◆ **How to complete this task**
Copy each line below word for word and drop every image.

◆ **Saved data entries**

----

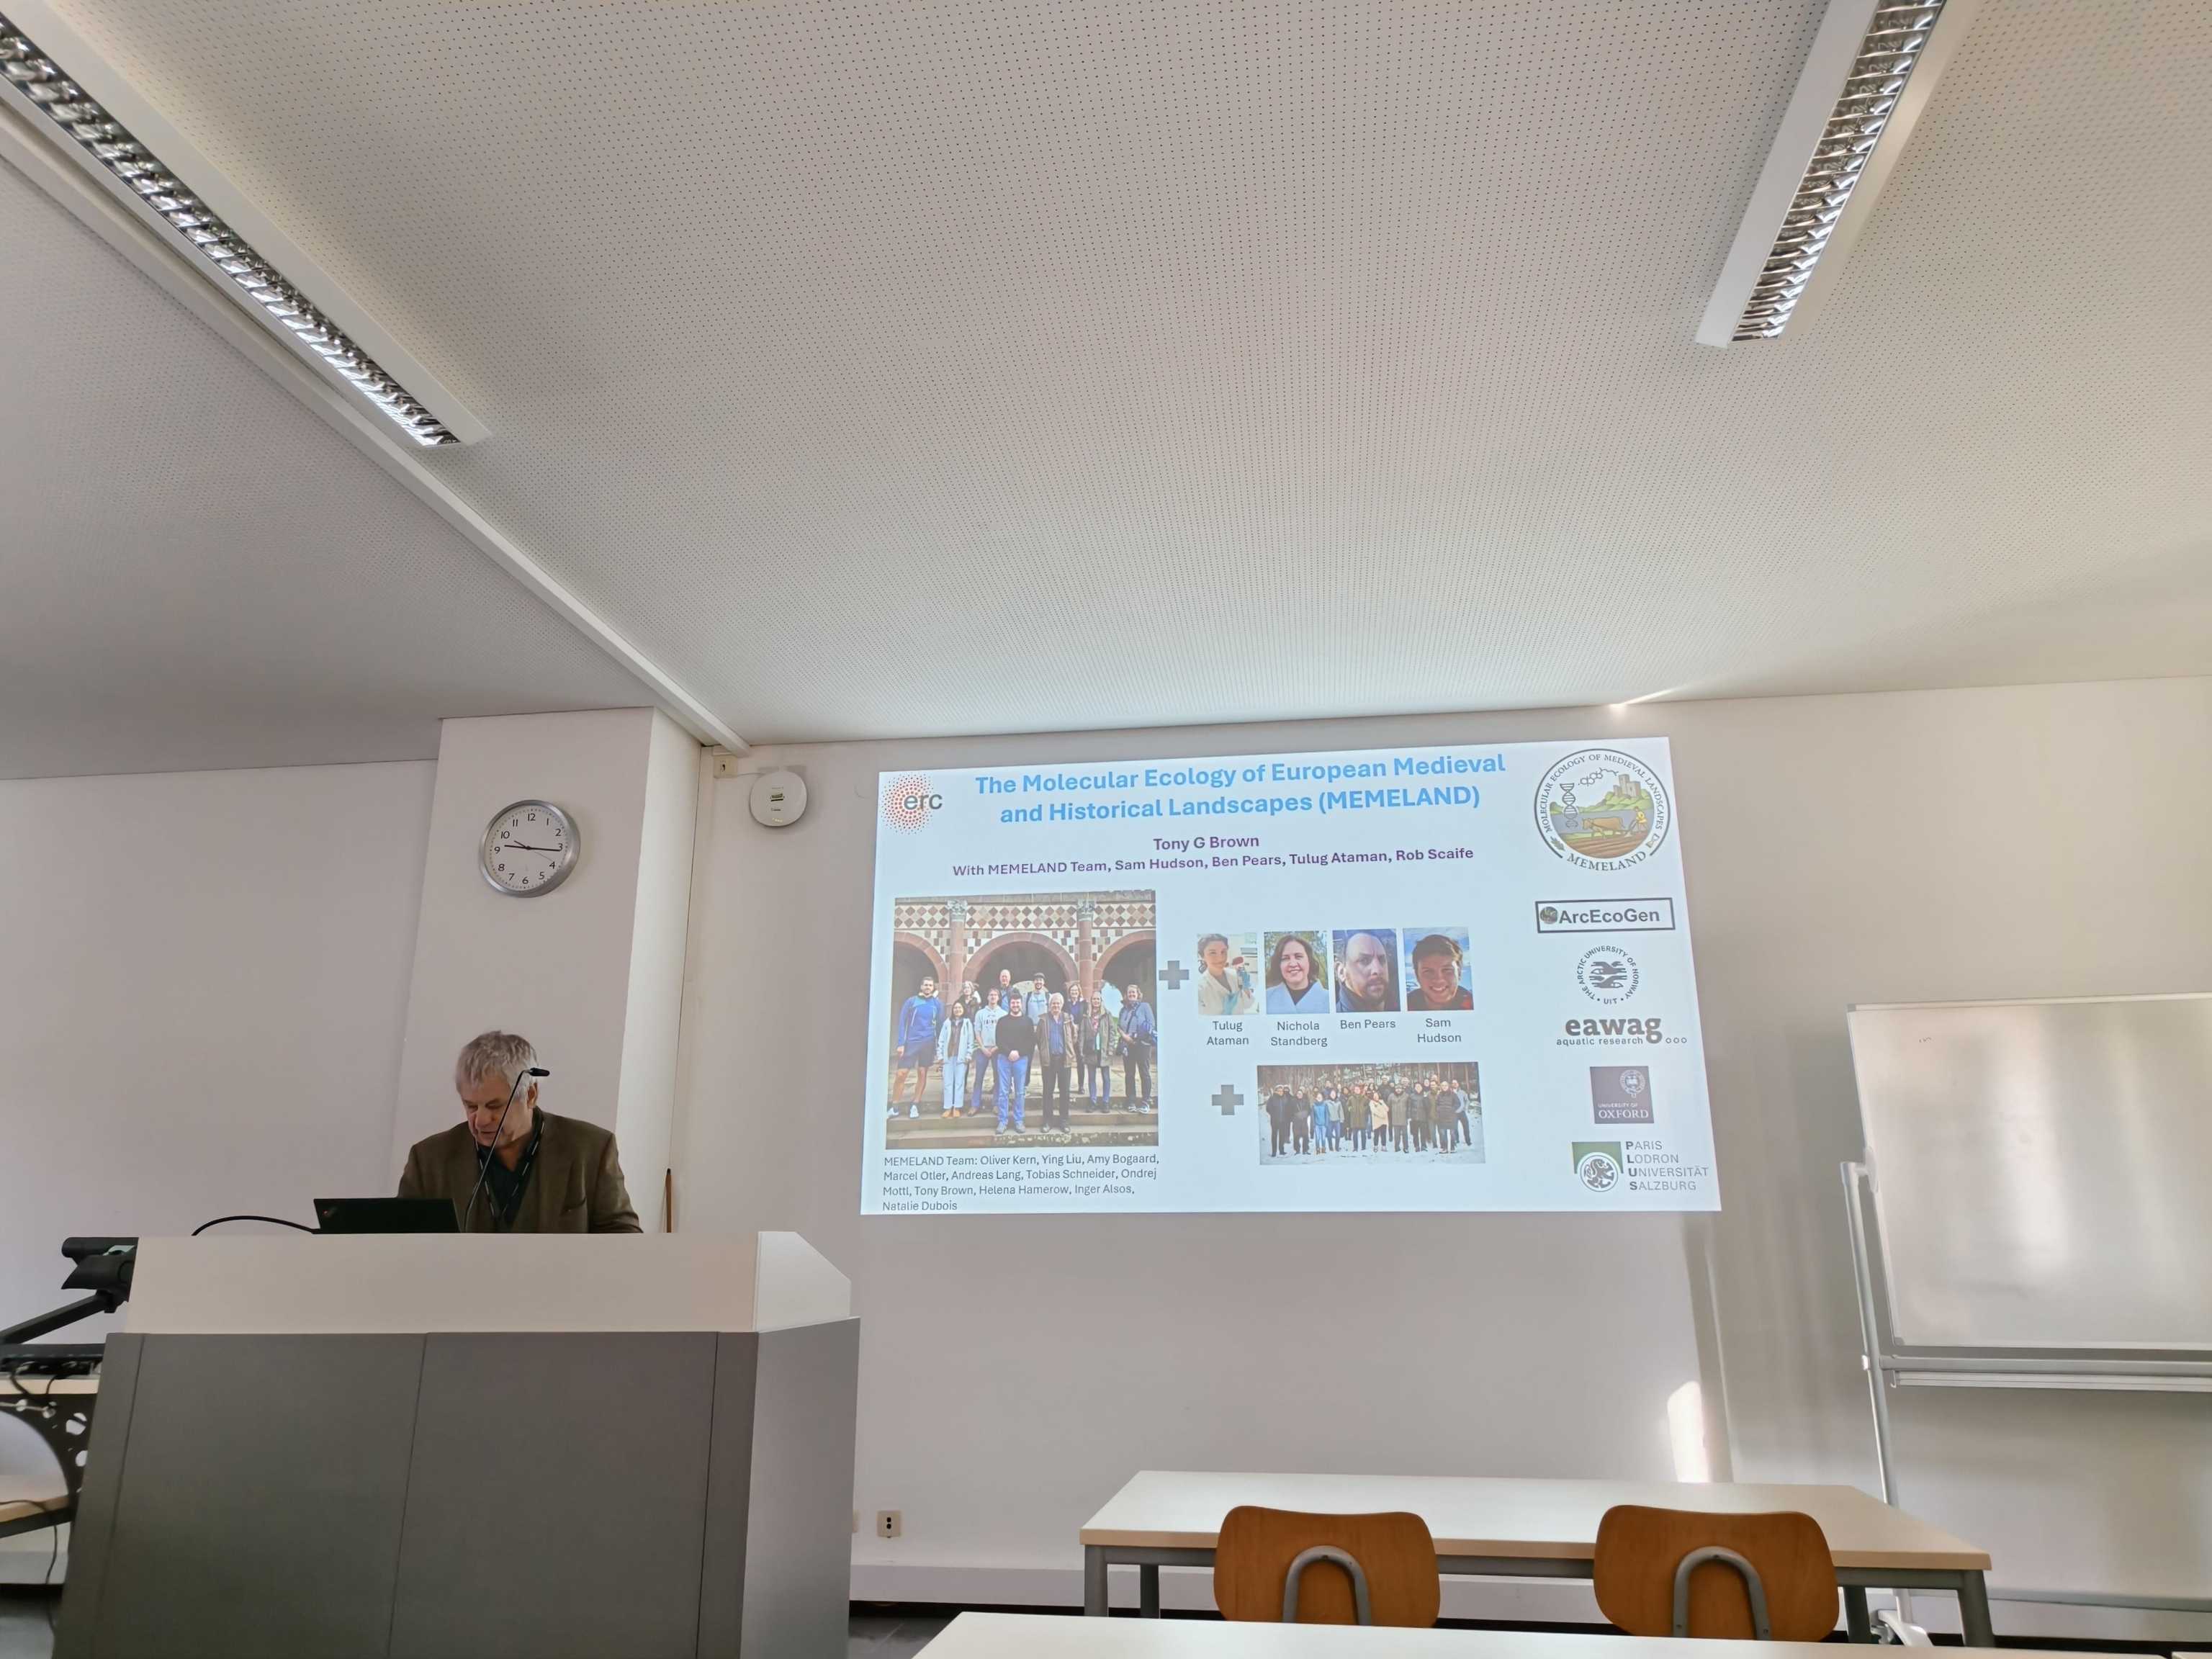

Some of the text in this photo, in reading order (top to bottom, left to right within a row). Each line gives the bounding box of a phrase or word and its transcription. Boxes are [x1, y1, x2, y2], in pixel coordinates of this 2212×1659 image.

[975, 753, 1506, 794] The Molecular Ecology of European Medieval
[1539, 782, 1554, 834] MOLECULAR
[1550, 755, 1586, 782] ECOLOGY
[1604, 754, 1646, 778] MEDIEVAL
[1645, 777, 1665, 830] LANDSCAPES
[904, 793, 943, 810] erc
[1000, 785, 1480, 823] and Historical Landscapes (MEMELAND)
[527, 813, 536, 822] 12
[500, 830, 511, 839] 10
[558, 842, 564, 852] 3
[1153, 836, 1260, 853] Tony G Brown
[953, 847, 1474, 876] With MEMELAND Team, Sam Hudson, Ben Pears, Tulug Ataman, Rob Scaife
[1567, 850, 1647, 871] MEMELAND
[539, 871, 545, 880] 5
[1558, 908, 1660, 925] ArcEcoGen
[1577, 945, 1640, 1000] THE ARCTIC UNIVERSITY OF NORWAY
[1213, 1020, 1243, 1032] Tulug
[1277, 1020, 1320, 1031] Nichola
[1340, 1019, 1396, 1030] Ben Pears
[1425, 1017, 1452, 1028] Sam
[1565, 1018, 1663, 1044] eawag
[1206, 1036, 1249, 1046] Ataman
[1270, 1036, 1328, 1048] Standberg
[1417, 1033, 1462, 1043] Hudson
[1556, 1036, 1643, 1047] aquatic research
[1599, 1109, 1649, 1119] OXFORD
[1625, 1141, 1663, 1151] PARIS
[884, 1154, 1160, 1166] MEMELAND Team: Oliver Kern, Ying Liu, Amy Bogaard,
[1627, 1154, 1679, 1164] LODRON
[884, 1171, 918, 1181] Marcel
[951, 1170, 994, 1180] Andreas
[996, 1169, 1024, 1182] Lang,
[1025, 1169, 1061, 1179] Tobias
[1062, 1168, 1119, 1180] Schneider,
[1120, 1168, 1157, 1181] Ondrej
[882, 1183, 1135, 1197] Mottl, Tony Brown, Helena Hamerow, Inger Alsos,
[1629, 1180, 1696, 1190] SALZBURG
[882, 1200, 958, 1211] Natalie Dubois
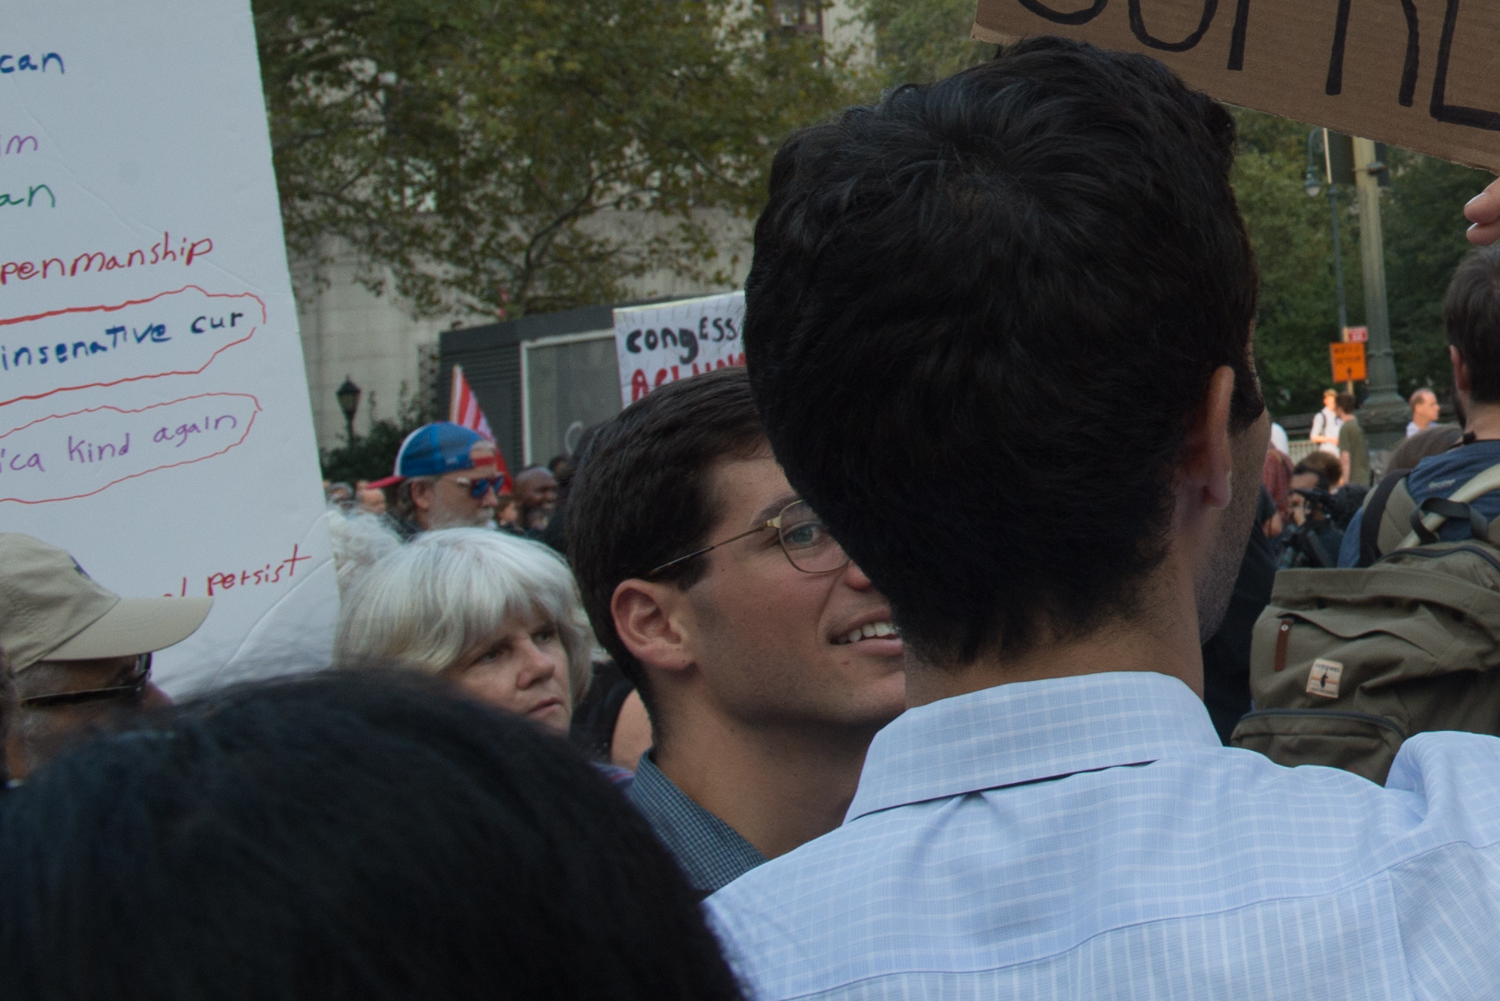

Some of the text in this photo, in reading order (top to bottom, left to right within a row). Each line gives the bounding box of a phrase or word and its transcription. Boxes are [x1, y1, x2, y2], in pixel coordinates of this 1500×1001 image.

[1, 231, 213, 285] penmanship
[191, 311, 243, 333] cur
[153, 415, 237, 447] again
[207, 544, 312, 596] persist

----

◆ **Your response**
Some of the text in this photo, in reading order (top to bottom, left to right within a row). Each line gives the bounding box of a phrase or word and its transcription. Boxes are [x1, y1, x2, y2], in pixel coordinates of this 2212×1659 image.

[975, 753, 1506, 794] The Molecular Ecology of European Medieval
[1539, 782, 1554, 834] MOLECULAR
[1550, 755, 1586, 782] ECOLOGY
[1604, 754, 1646, 778] MEDIEVAL
[1645, 777, 1665, 830] LANDSCAPES
[904, 793, 943, 810] erc
[1000, 785, 1480, 823] and Historical Landscapes (MEMELAND)
[527, 813, 536, 822] 12
[500, 830, 511, 839] 10
[558, 842, 564, 852] 3
[1153, 836, 1260, 853] Tony G Brown
[953, 847, 1474, 876] With MEMELAND Team, Sam Hudson, Ben Pears, Tulug Ataman, Rob Scaife
[1567, 850, 1647, 871] MEMELAND
[539, 871, 545, 880] 5
[1558, 908, 1660, 925] ArcEcoGen
[1577, 945, 1640, 1000] THE ARCTIC UNIVERSITY OF NORWAY
[1213, 1020, 1243, 1032] Tulug
[1277, 1020, 1320, 1031] Nichola
[1340, 1019, 1396, 1030] Ben Pears
[1425, 1017, 1452, 1028] Sam
[1565, 1018, 1663, 1044] eawag
[1206, 1036, 1249, 1046] Ataman
[1270, 1036, 1328, 1048] Standberg
[1417, 1033, 1462, 1043] Hudson
[1556, 1036, 1643, 1047] aquatic research
[1599, 1109, 1649, 1119] OXFORD
[1625, 1141, 1663, 1151] PARIS
[884, 1154, 1160, 1166] MEMELAND Team: Oliver Kern, Ying Liu, Amy Bogaard,
[1627, 1154, 1679, 1164] LODRON
[884, 1171, 918, 1181] Marcel
[951, 1170, 994, 1180] Andreas
[996, 1169, 1024, 1182] Lang,
[1025, 1169, 1061, 1179] Tobias
[1062, 1168, 1119, 1180] Schneider,
[1120, 1168, 1157, 1181] Ondrej
[882, 1183, 1135, 1197] Mottl, Tony Brown, Helena Hamerow, Inger Alsos,
[1629, 1180, 1696, 1190] SALZBURG
[882, 1200, 958, 1211] Natalie Dubois

Some of the text in this photo, in reading order (top to bottom, left to right within a row). Each line gives the bounding box of a phrase or word and its transcription. Boxes are [x1, y1, x2, y2], in pixel coordinates of this 1500×1001 image.

[1, 231, 213, 285] penmanship
[191, 311, 243, 333] cur
[153, 415, 237, 447] again
[207, 544, 312, 596] persist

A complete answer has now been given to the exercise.